D’ores et déjà, les conservateurs, politiques soient-ils ou non, sont montés et restés, sur les créneaux. Par (entre autres) la voix de l’ancien chef du gouvernement et toujours chef du PJD Abdelilah Benkirane, ils crient (contre toute vraisemblance) que le Coran est la référence ultime au Maroc et ils avertissent, voire menacent, d’une bruyante fitna en cas de transgression de cette règle simple, voire simpliste. Ils ne veulent presque rien changer pour ne pas avoir à trop changer. Le mariage des mineur(e)s ? 15 ans. La tutelle ? Le père. L’héritage ? Ne surtout rien changer et maintenir le taâssib (en faveur de l’oncle lointain d’Amérique qui vient opportunément hériter de quelqu’un qui a décédé sans descendance mâle). Maintien de l’article 400 pour le recours au rite malékite en cas de vide juridique ? Oui, mille fois oui. Preuve de filiation ? ADN pour tous mais le PJD, lui, considère que le problème ne se pose pas, bien évidemment…
Personne ne peut prétendre détenir la seule interprétation des textes religieux et aucun politique ne peut interdire le débat, une fois qu’il a exprimé son opinion, comme M. Benkirane, qui est avant tout un homme politique et non un théologien. Et au final, le Maroc est engagé dans un débat sociétal de nature religieuse, conduit par des politiques ayant des objectifs ni sociétaux ni religieux ! Et ce débat devra donc être conduit et tranché par la politique. Le roi Mohammed VI en a fixé le cadre dans son discours du 30 juillet 2022 : « Je ne peux autoriser ce que Dieu a prohibé, ni interdire ce que le Très-Haut a autorisé, en particulier sur les points encadrés par des textes coraniques formels. A cet égard, Nous nous attachons à ce que cet élan réformateur soit mené en parfaite concordance avec les desseins ultimes de la Loi islamique (Charia) et les spécificités de la société marocaine. Nous veillons aussi à ce qu’il soit empreint de modération, d’ouverture d’esprit dans l’interprétation des textes, de volonté de concertation et de
dialogue ». Au Maroc, le roi est Commandeur des croyants, il ne peut se permettre certaines choses, mais le Maroc est une démocratie, et le texte sera au final adopté, dans quelque mouture que cela soit, par le parlement qui peut, lui, s’autoriser des pas de côté par rapport à la Charia.

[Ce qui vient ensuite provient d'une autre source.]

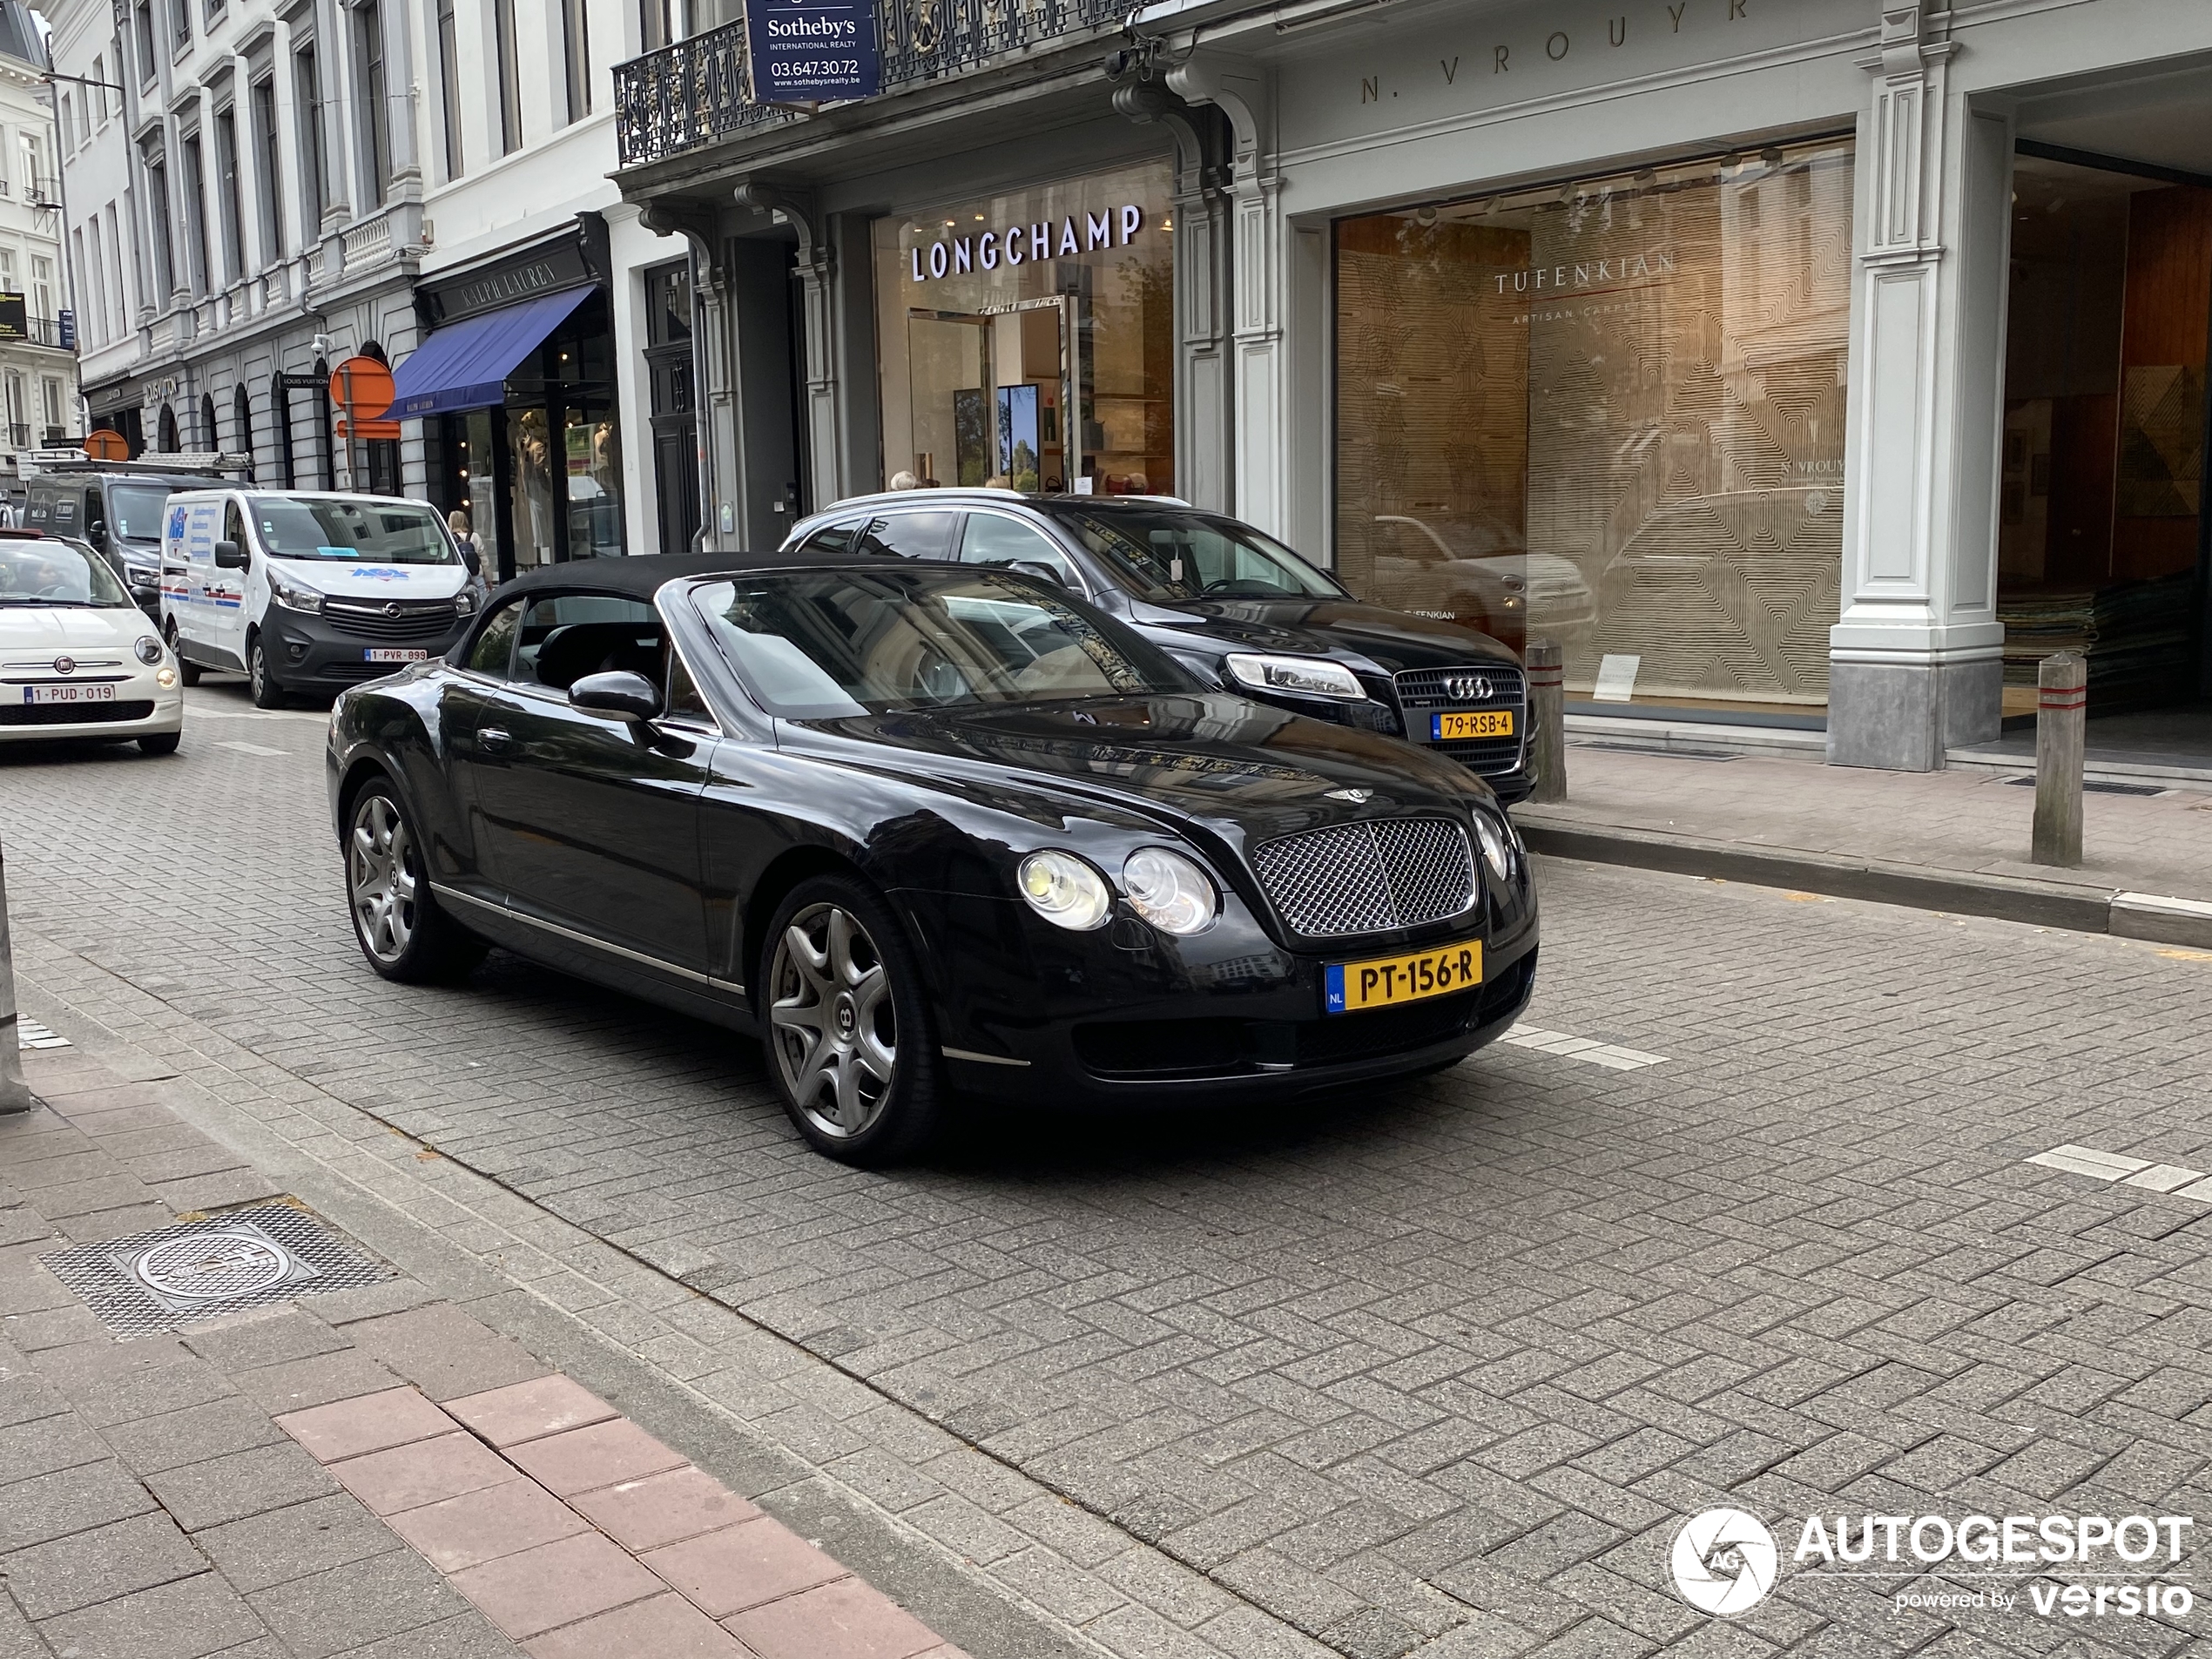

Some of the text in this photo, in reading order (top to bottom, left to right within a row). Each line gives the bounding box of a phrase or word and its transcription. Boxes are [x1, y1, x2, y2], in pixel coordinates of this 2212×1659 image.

Alors le souverain a tracé une voie royale aux parlementaires en évoquant la modération, l’ouverture d’esprit, la concertation, le dialogue, en insistant sur les desseins ultimes de la Charia, c’est-à-dire son esprit. Et l'esprit de la Charia est unanimement considéré comme égalitaire. A partir de là, si la bonne foi des politiques est possible et que leur audace engagée, tout devient possible car après tout les conservateurs disent que la charia est d’essence égalitaire et que ceux d’en face affirment que la constitution et les droits humains sont aussi égalitaires. Ils devraient pouvoir trouver quelque part un terrain d’entente !
Par exemple, interdire le mariage des mineurs, sans dérogation possible sachant que le motif souvent brandi est la détresse familiale d’une mineure qui épousaille un homme qui subviendrait aux besoins de sa famille. Mais là est plutôt le rôle de l’Etat ; que la puissance publique fasse son œuvre et prenne en charge les mineures dans cette situation ! Pour l’héritage, pourquoi ne pas maintenir les canons religieux habituels et reconnus, en introduisant la possibilité du testament, même en l’assortissant de quelques conditions raisonnables ? Et pourquoi, comme le veut l’article 400, revenir à un corpus religieux en cas de vide juridique sur une question donnée, le recours au droit positif pouvant être plus moderne et surtout plus réaliste ?...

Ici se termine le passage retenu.